New Google Algorithm update – will you be affected?
Spot the difference?
If you regularly follow our blogs you know we like to keep you up to date with the latest news and changes within our industry. Today we can inform you of another change and in this posting we will look further at what this is and how any impact is likely to be felt.
On Monday 23rd April 2018, Google announced and confirmed something which had already been a suspicion to many people – it was rolling out a new core search algorithm update. The earliest reports show that some people have seen a positive benefit from this change, while others have seen nothing at all. Perhaps more worryingly, some have communicated that they have experienced a drop in their rankings. This will obviously cause alarm bells and uncertainty, so our initial advice would be do watch your rankings closely over the coming weeks.
When Google made their announcement recently, they described this as a “board” update and that these kinds of approaches are normal and usually happen a few times a year.
It is thought that the aim of these changes is so that Google can continually improve user experience and deliver a more satisfying use of the overall search platform. This is reinforced when Google announces that the best advice for webmasters is to continue to improve their own websites meaning they can probably take advantage of a gain in the next review (especially assuming if they have been negatively impacted this time.)
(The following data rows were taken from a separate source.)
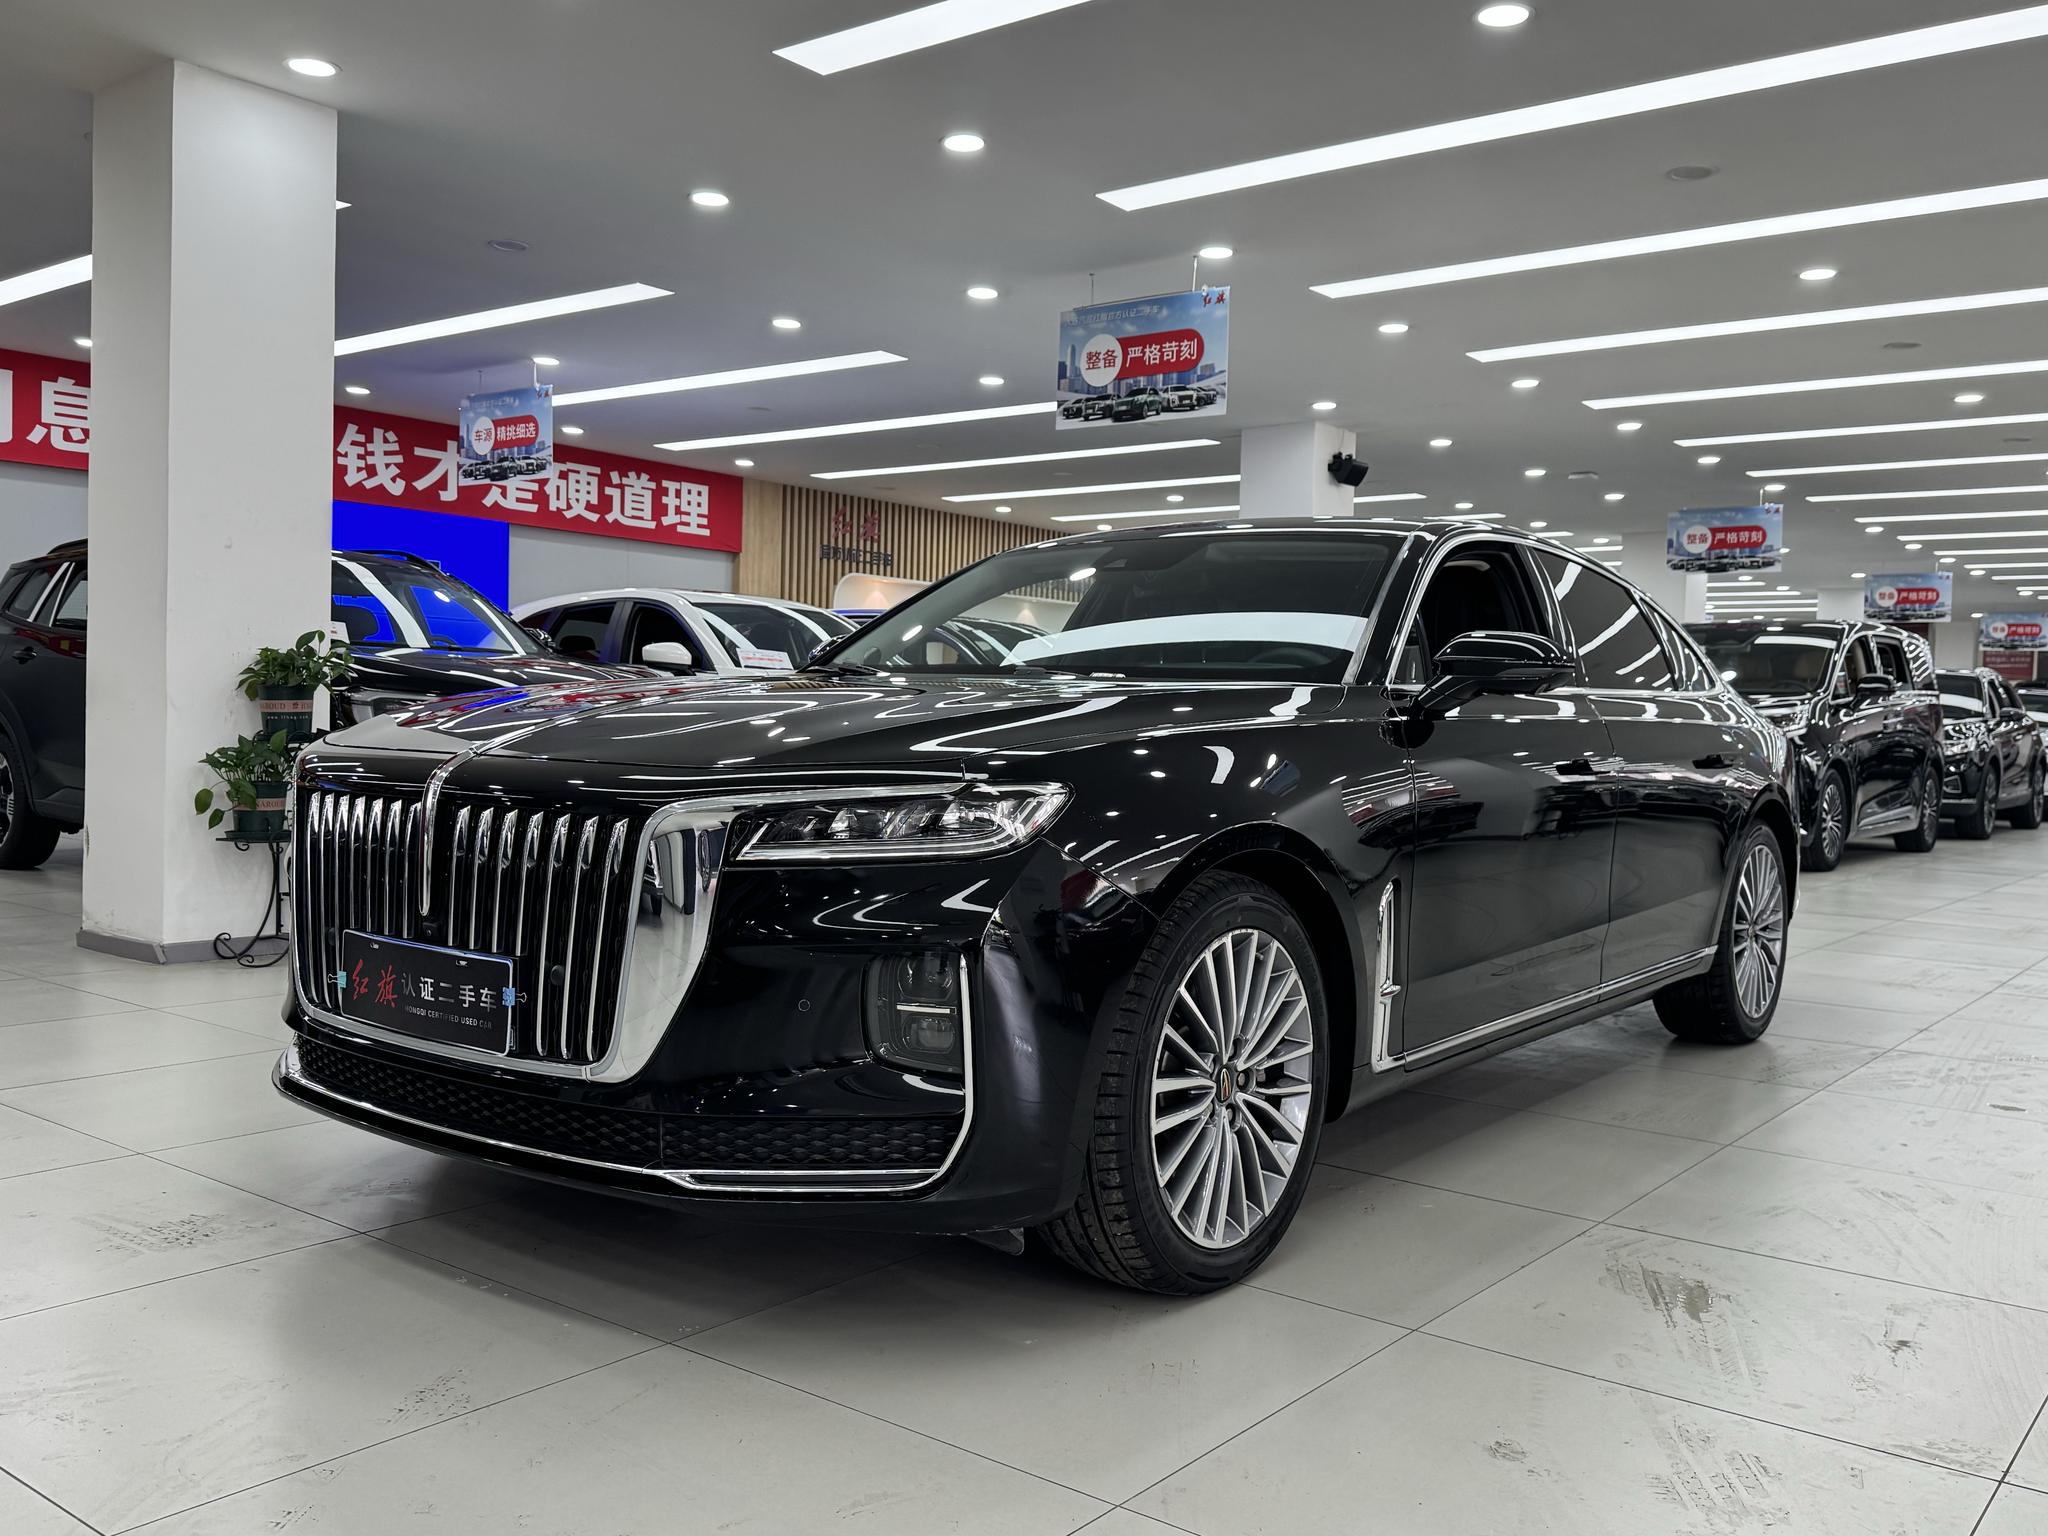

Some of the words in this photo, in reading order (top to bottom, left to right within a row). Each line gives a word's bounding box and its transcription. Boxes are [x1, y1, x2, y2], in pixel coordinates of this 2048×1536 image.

[1086, 349, 1118, 371] 整备
[1126, 338, 1198, 367] 严格苛刻
[474, 427, 493, 444] 车源
[496, 420, 537, 442] 精挑细选
[401, 972, 497, 1012] 认证二手车
[405, 1005, 427, 1016] HONGQI
[428, 1010, 459, 1023] CERTIFIED
[460, 1017, 478, 1027] USED
[479, 1020, 492, 1029] CAR
It all sounds pretty run of the mill and like it will all balance in the longer term anyway, but it still doesn’t help or answer a few questions which people would really like to know now – especially if they haven’t come off so good.
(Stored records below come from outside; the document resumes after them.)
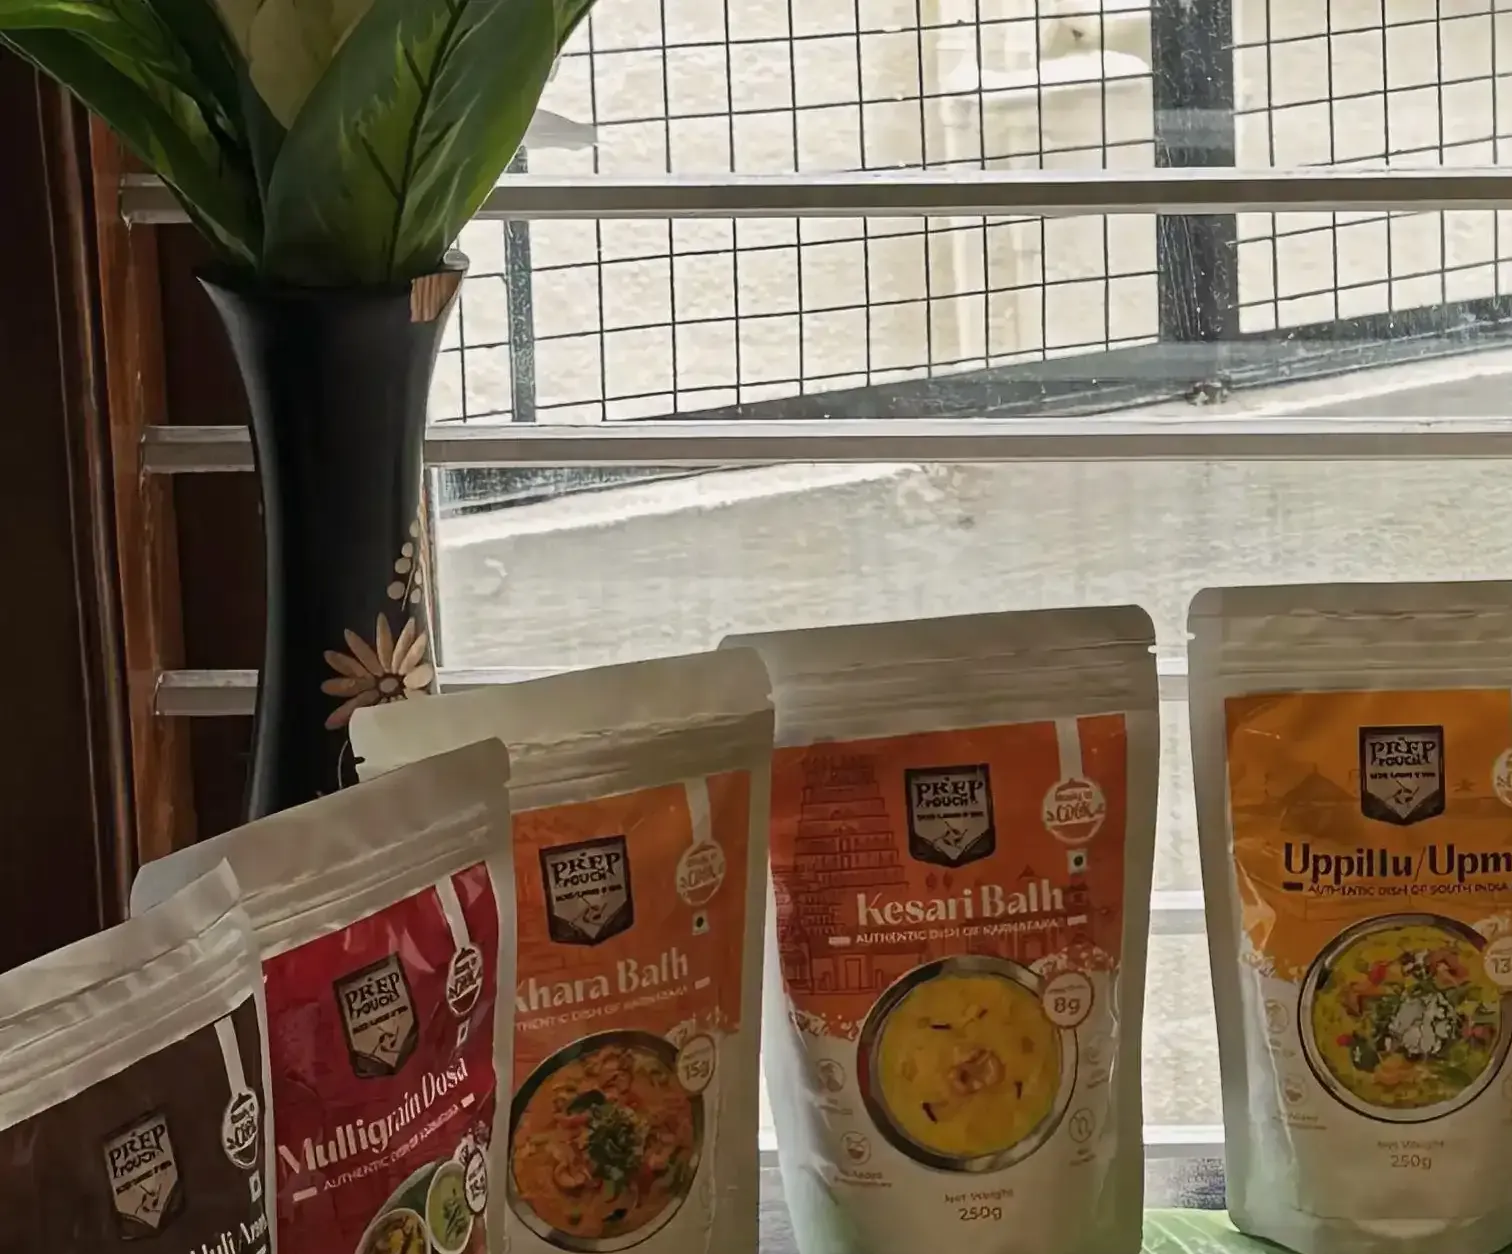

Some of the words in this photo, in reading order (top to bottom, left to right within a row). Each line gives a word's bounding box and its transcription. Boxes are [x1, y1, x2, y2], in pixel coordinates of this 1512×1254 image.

[1369, 739, 1436, 765] PREP
[915, 778, 984, 807] PREP
[924, 795, 970, 808] POUCH
[550, 851, 621, 885] PREP
[562, 872, 607, 888] POUCH
[1308, 883, 1375, 896] AUTHENTIC
[856, 890, 973, 928] Kesari
[344, 972, 400, 1018] PREP
[1054, 996, 1080, 1016] 8g
[422, 1057, 469, 1109] Dosa
[109, 1123, 167, 1167] PREP
[323, 1157, 390, 1191] AUTHENTIC
[1390, 1154, 1432, 1170] 250g
[958, 1206, 1003, 1222] 250g
- Why do several changes need to be made a year? If this is happening (reasonably) frequently then it can becoming confusing, not to mention that all the new changes simply negate prior changes leading us to wonder why they were ever touched in the first place!?
- If someone has fully optimised their site yet been negatively affected, what does this actually say? Never mind it will all balance in a few months, people will not like the idea of being penalised if they follow the rules or code.
- Speaking of rules (and this is a big one) no one actually precisely knows what makes a website good in Google’s eyes. We have ideas which are obvious and Google have given hints but this is vague when you consider you could be supplied with the pure facts. In terms of this update, what makes it worse is Google aren’t telling people what the changes concern and have even openly admitted that there is nothing a site can do to adapt itself in the slightest way to accommodate these changes. Some would conclude that is hardly user friendly, given that is the whole point of these updates!?
After thinking about this and what it is really trying to say, It seems like a case of ignore the waves and keep swimming anyway because calmer waters are ahead assuming you know how to swim.
If you were in an unknown ocean (in the same way a lot of Google’s practices are unknown) would you necessarily be comforted and happy with that?